Larisa Valentinovna Krivtsova (Лари́са Валентиновна Кривцо́ва; born January 1, 1949, Lithuanian Soviet Socialist Republic) is a Soviet and Russian journalist, producer, director, media manager, and former TV presenter (1991–2004).

== Biography ==
In 1974 she graduated from the Yaroslavl State Pedagogical Institute in the specialty Russian language and literature. In the same year he was admitted to the Yaroslavl Theater School at the acting department.

In journalism since 1980 (director of Yaroslavl Television Studio).

In 1986, he graduated from the journalism faculty of Moscow Higher Party School. In 1987 - the correspondent of the Moscow edition of Soviet Central Television.

From December 1997, before 2003, she was a permanent host of the program Good Morning on Thursday on the Channel One Russia.

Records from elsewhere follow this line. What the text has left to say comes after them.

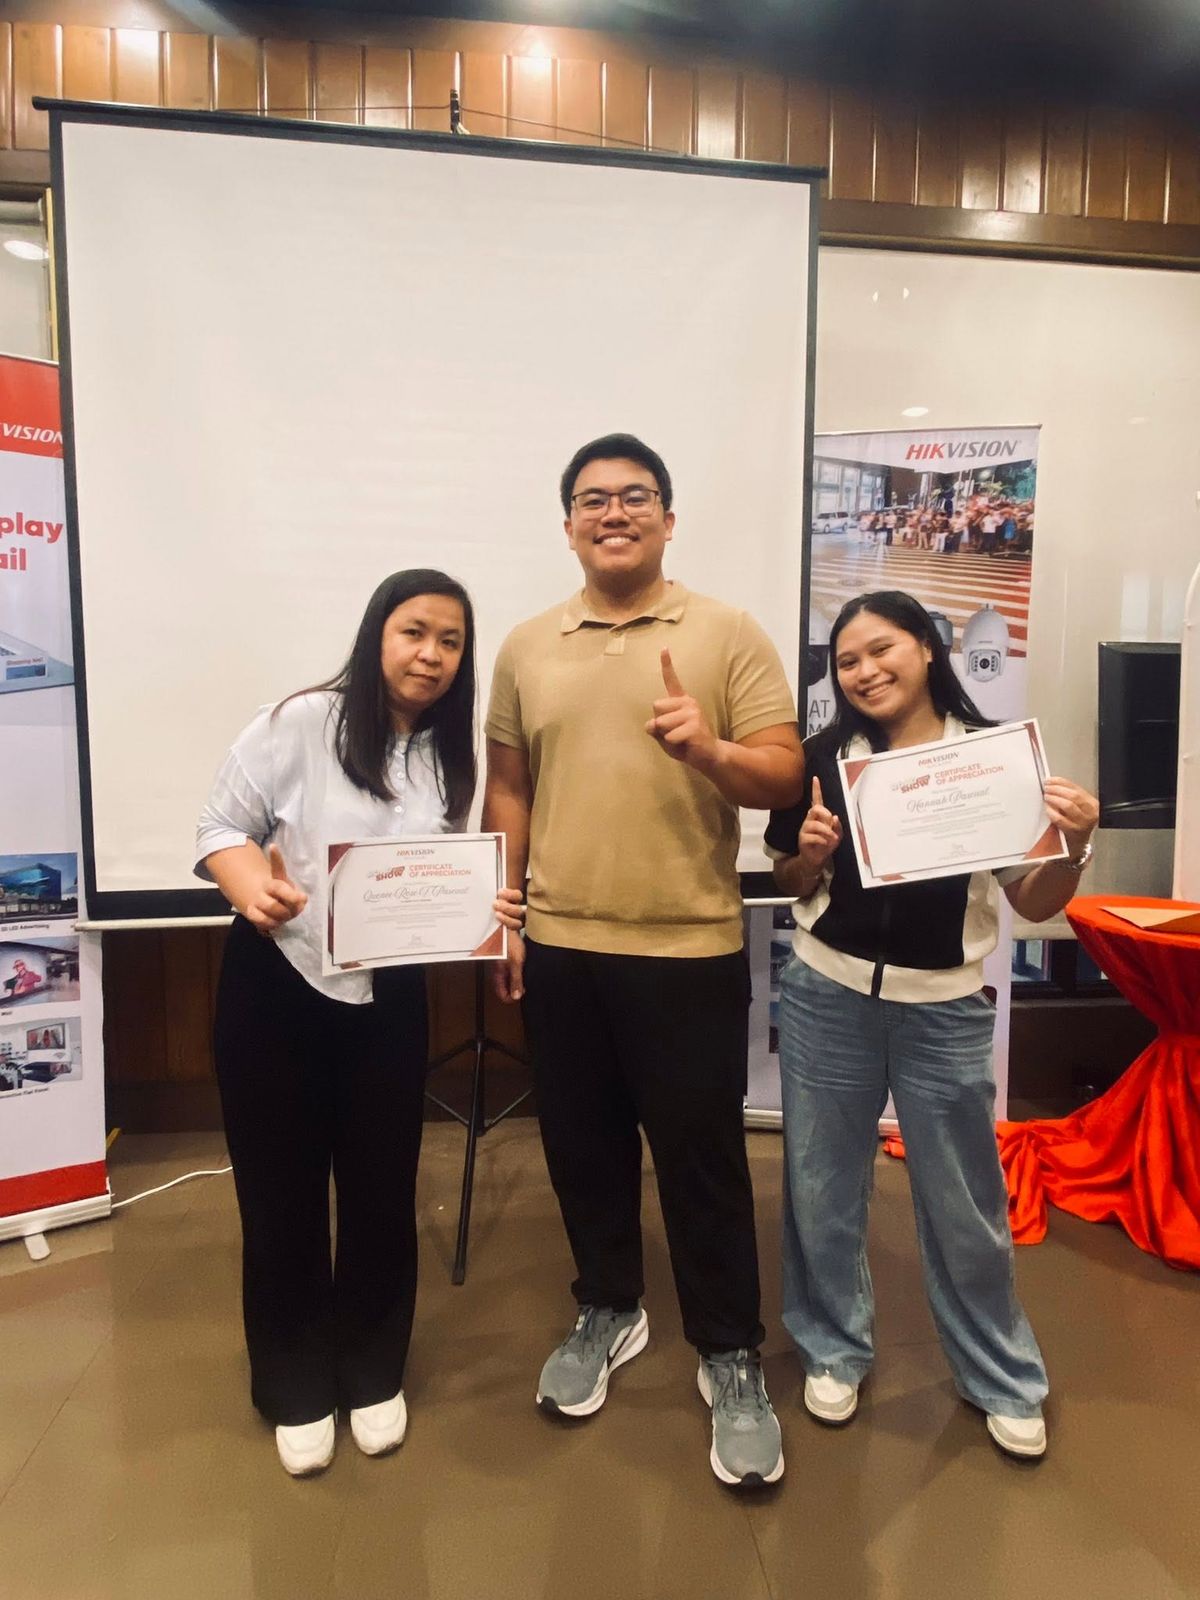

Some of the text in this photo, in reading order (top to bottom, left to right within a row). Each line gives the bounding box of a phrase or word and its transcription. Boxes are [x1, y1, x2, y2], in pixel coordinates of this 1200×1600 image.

[0, 423, 63, 445] VISION
[905, 440, 1018, 460] HIKVISION
[809, 699, 830, 718] AT
[934, 763, 981, 779] CERTIFICATE
[948, 765, 1004, 783] APPRECIATION
[901, 777, 930, 794] SHOW
[376, 868, 404, 881] SHOW
[409, 869, 471, 878] OF APPRECIATION
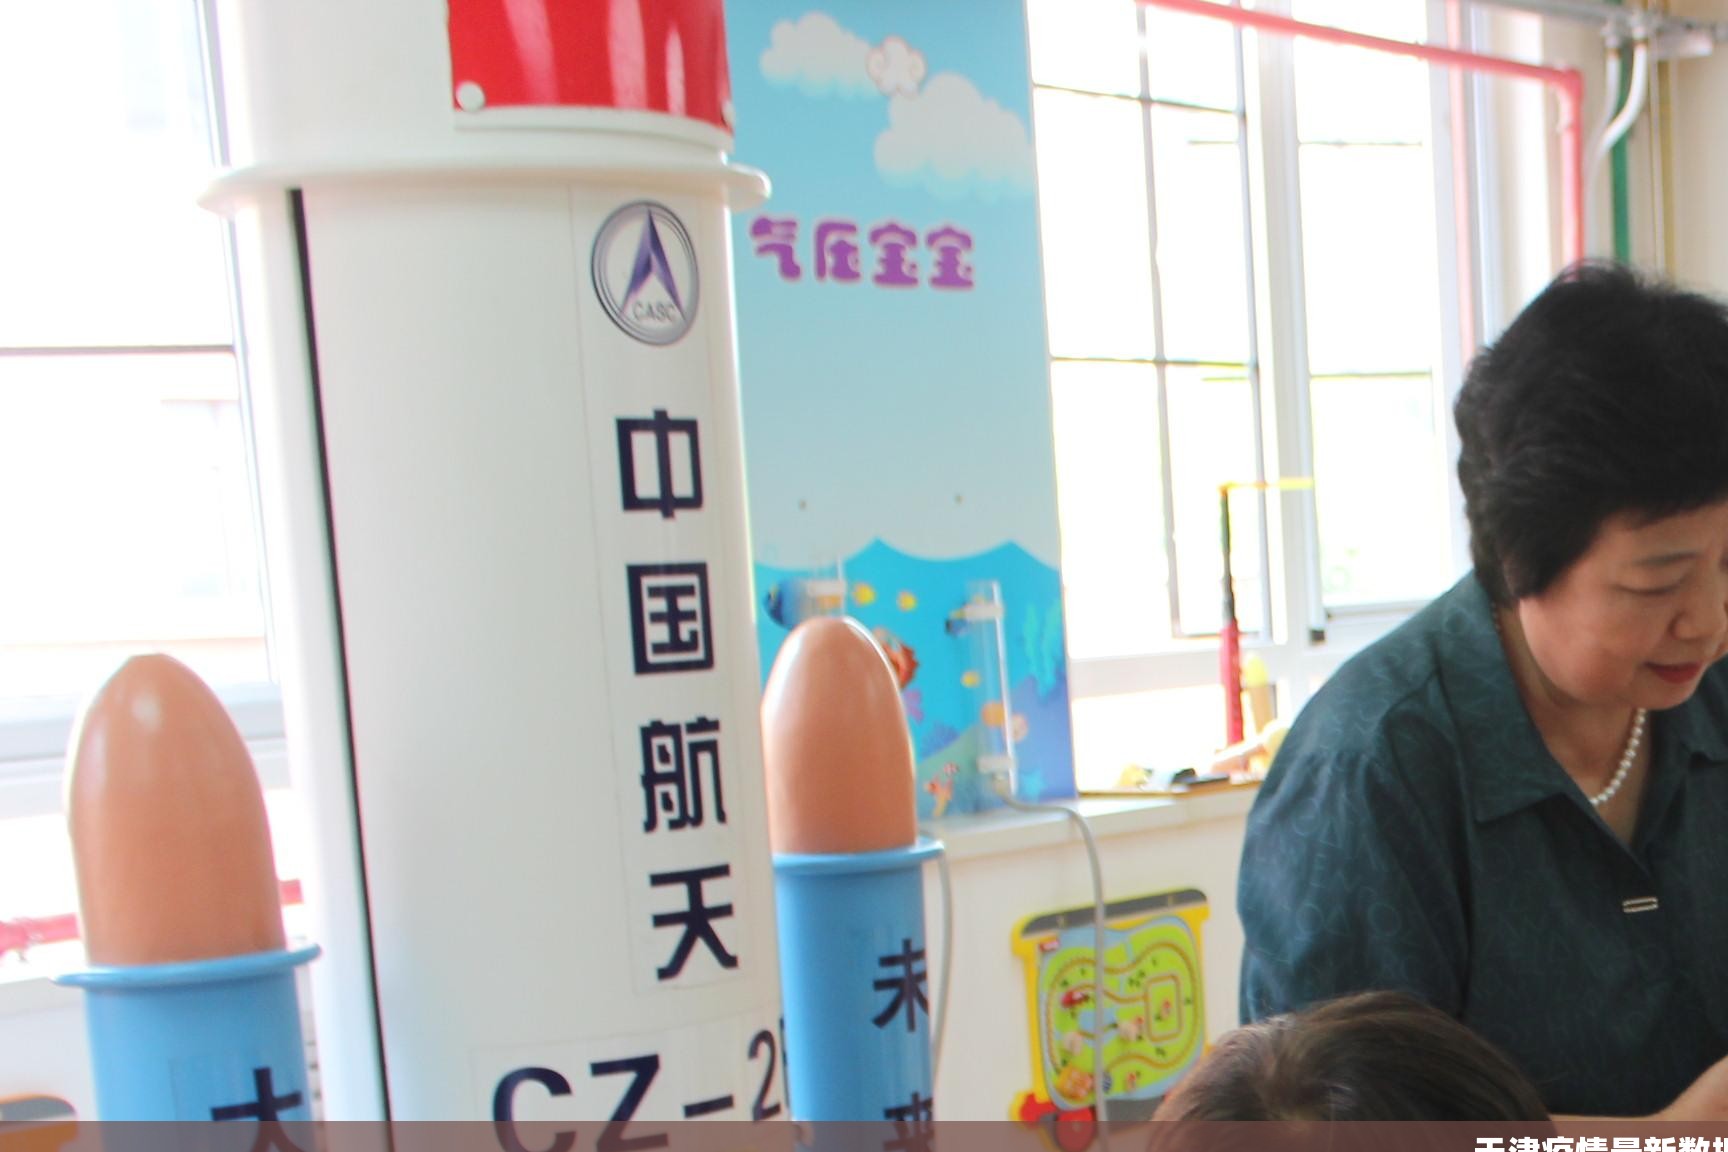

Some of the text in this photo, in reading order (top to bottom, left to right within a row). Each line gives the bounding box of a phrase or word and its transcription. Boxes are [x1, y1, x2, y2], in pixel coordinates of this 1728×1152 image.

[749, 215, 976, 290] 气压宝宝
[632, 300, 676, 323] CASC
[616, 409, 739, 981] 中国航天
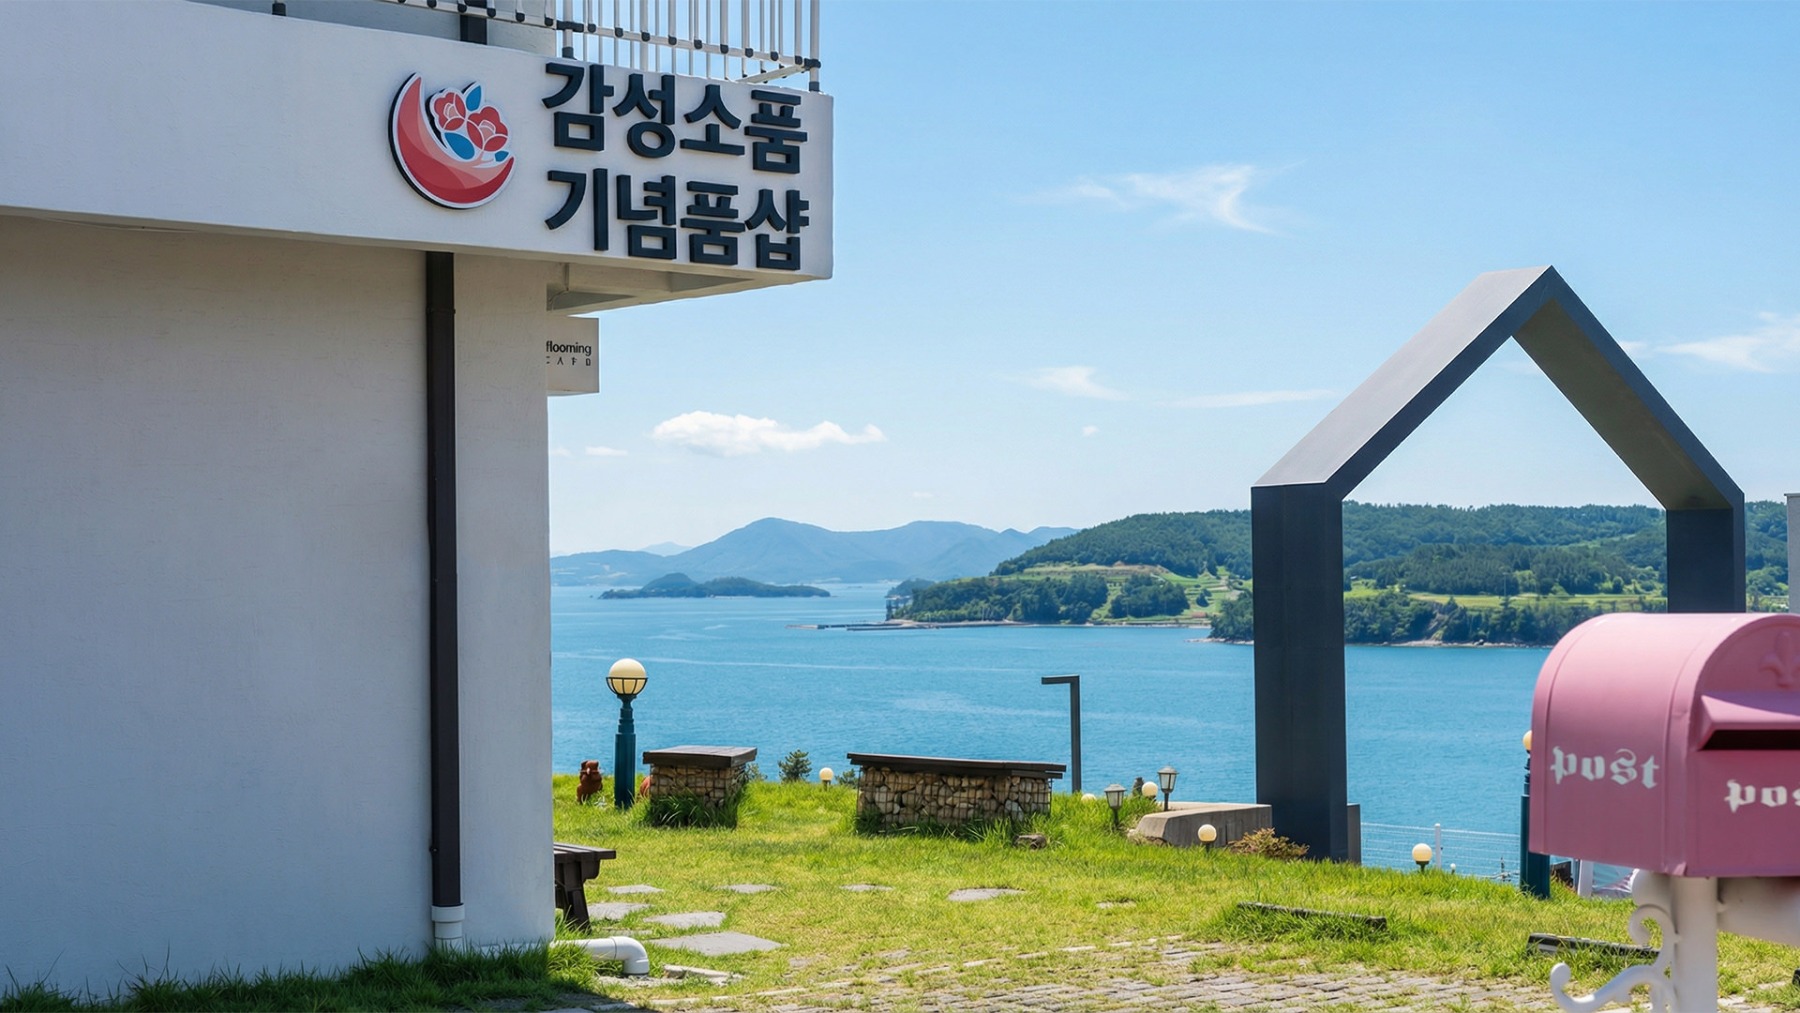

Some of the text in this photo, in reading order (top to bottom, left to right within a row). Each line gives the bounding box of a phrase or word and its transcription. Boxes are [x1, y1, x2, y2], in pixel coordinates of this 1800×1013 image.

[542, 63, 808, 174] 감성소품
[544, 168, 810, 270] 기념품샵
[1550, 746, 1660, 789] post
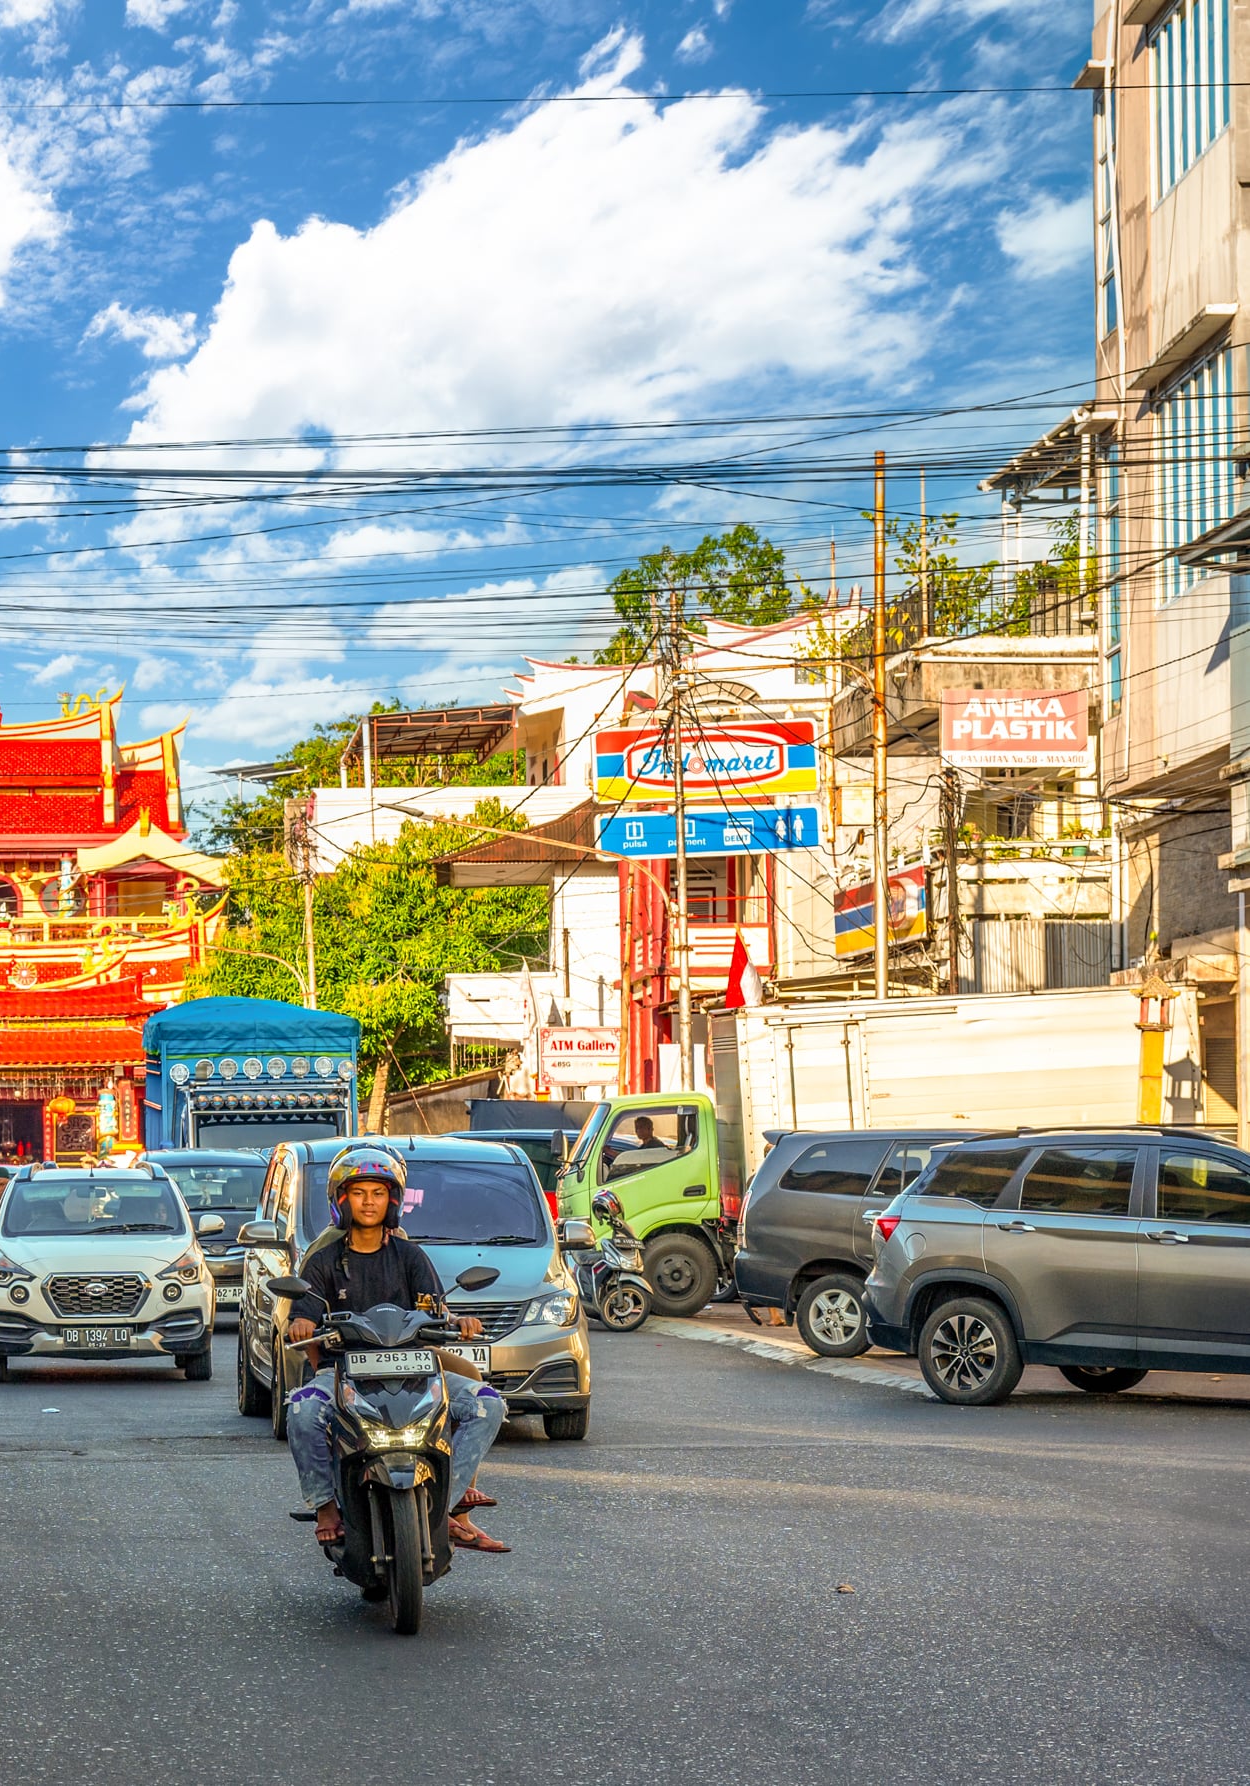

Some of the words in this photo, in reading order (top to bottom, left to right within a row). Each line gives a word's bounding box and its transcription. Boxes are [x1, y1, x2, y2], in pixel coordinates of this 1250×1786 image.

[962, 698, 1066, 718] ANEKA
[952, 720, 1077, 740] PLASTIK
[622, 840, 648, 849] pulsa
[550, 1040, 573, 1051] ATM
[577, 1039, 616, 1053] Gallery
[66, 1330, 79, 1342] DB
[85, 1330, 108, 1342] 1394
[351, 1354, 367, 1364] DB
[376, 1353, 408, 1362] 2963
[414, 1352, 431, 1361] RX
[472, 1348, 486, 1361] YA

Since 2008, Director of the morning program Channel One. Creator and a source of inspiration software Let Them Talk, Malakhov+, Fashion Sentence, City of Women, Big Lunch.

The author of a cycle of journalistic works Of contemporary life Mowgli, devoted to the problems of children's homes.

=== Personal life ===
Krivtsova is married. Her son, Yevgeny, is a journalist and broadcaster.